Week after week, the offense looked like it hadn't even prepared for the blitz. It got to the point where every blitz turned into Jalen Hurts either getting sacked or hit or running to his right and heaving the ball out of bounds.
“One, we look stupid,” Mailata said. “Two, you risk your quarterback getting hurt and hit, taken to the ground. … Why are we going to risk getting our quarterback hit and hurt? So anytime you can protect the QB that would be great. So Kellen? G’day, mate.”
Kellen is Kellen Moore, who replaced Brian Johnson, fired after his first season as offensive coordinator. Moore, the Cowboys’ offensive coordinator from 2019 through 2022, built a reputation as a coach who understands blitz concepts and protections in a way that can turn blitzing from a liability into an opportunity.
Which the Eagles desperately need.
Mailata’s response to the coaching change?
“It’s a great thing,” he said. “Change is good. Change is good. Change is good. Change is good. It just depends on how people respond. You know how I’m going to respond. Change is good.”
We still don’t know the extent of the turnover on the Eagles’ coaching staff, but all three coordinators - Brian Johnson, Sean Desai and Matt Patricia - are gone and several position coaches as well.
Mailata said he thinks Nick Sirianni giving Moore complete autonomy over the offense will be a positive in the wake of last year’s late-season collapse.
“It takes a lot of accountability to be able to give the reins to somebody,” he said. “I understand that what he did wasn’t good enough this year, what the players did wasn’t good enough. I’ll always take blame from a player’s standpoint because it is a 50-50 game. Coaches got to put the players in position and we didn’t do that enough.

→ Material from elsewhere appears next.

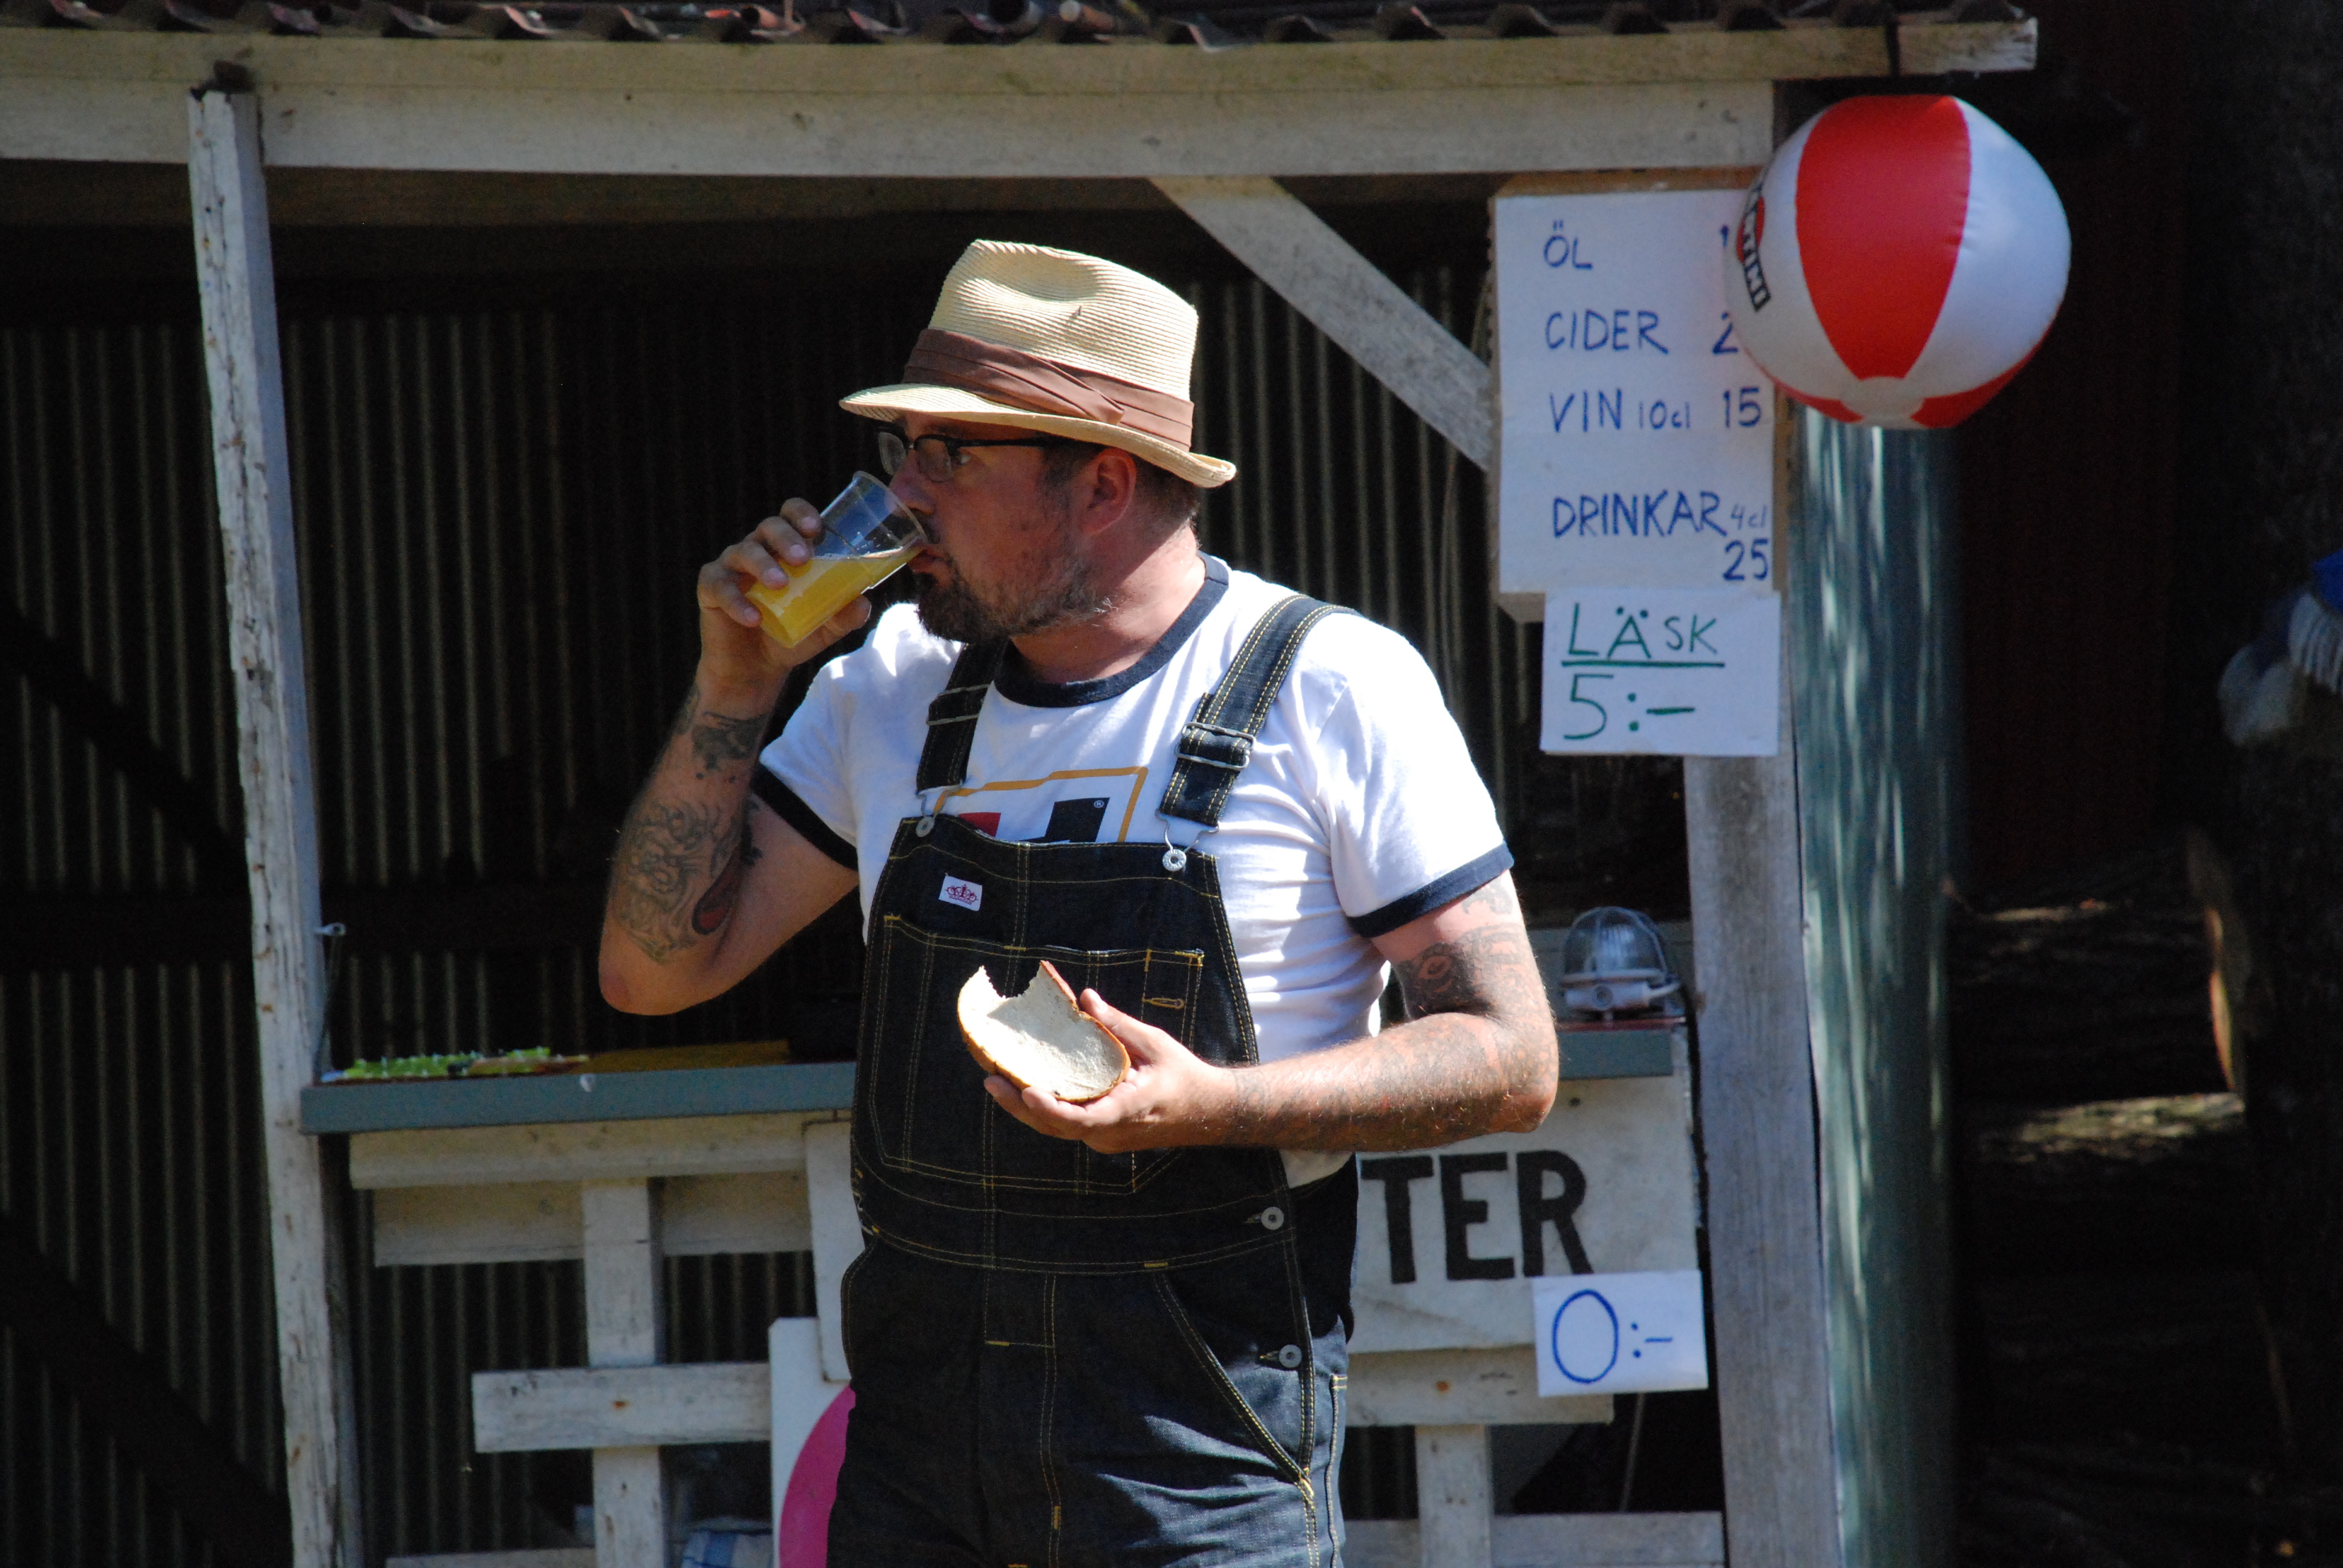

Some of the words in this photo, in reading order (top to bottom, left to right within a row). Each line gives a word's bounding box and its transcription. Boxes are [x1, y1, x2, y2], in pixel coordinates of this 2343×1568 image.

And when the coaches did, the players didn’t execute. So it’s a 50-50 blame.
“Maybe we did become very predictable, but this is all part of learning, this is all part of growing, and I’m excited to see where Kellen takes the offense next season. …
“I’ve been hearing about that Super Bowl hangover and all that jazz, but I think if you’re not consistent and you don’t have any urgency to be consistent you’re not going to be playing this week.
“And I think that’s where we lacked this year. We lacked consistency, we lacked urgency, and that’s the name of the game. “It’s that old cat-and-mouse game of coaches not putting us in positions, and when they did players not executing. That was the name of the game. That’s a recipe for disaster. And that’s what happened.”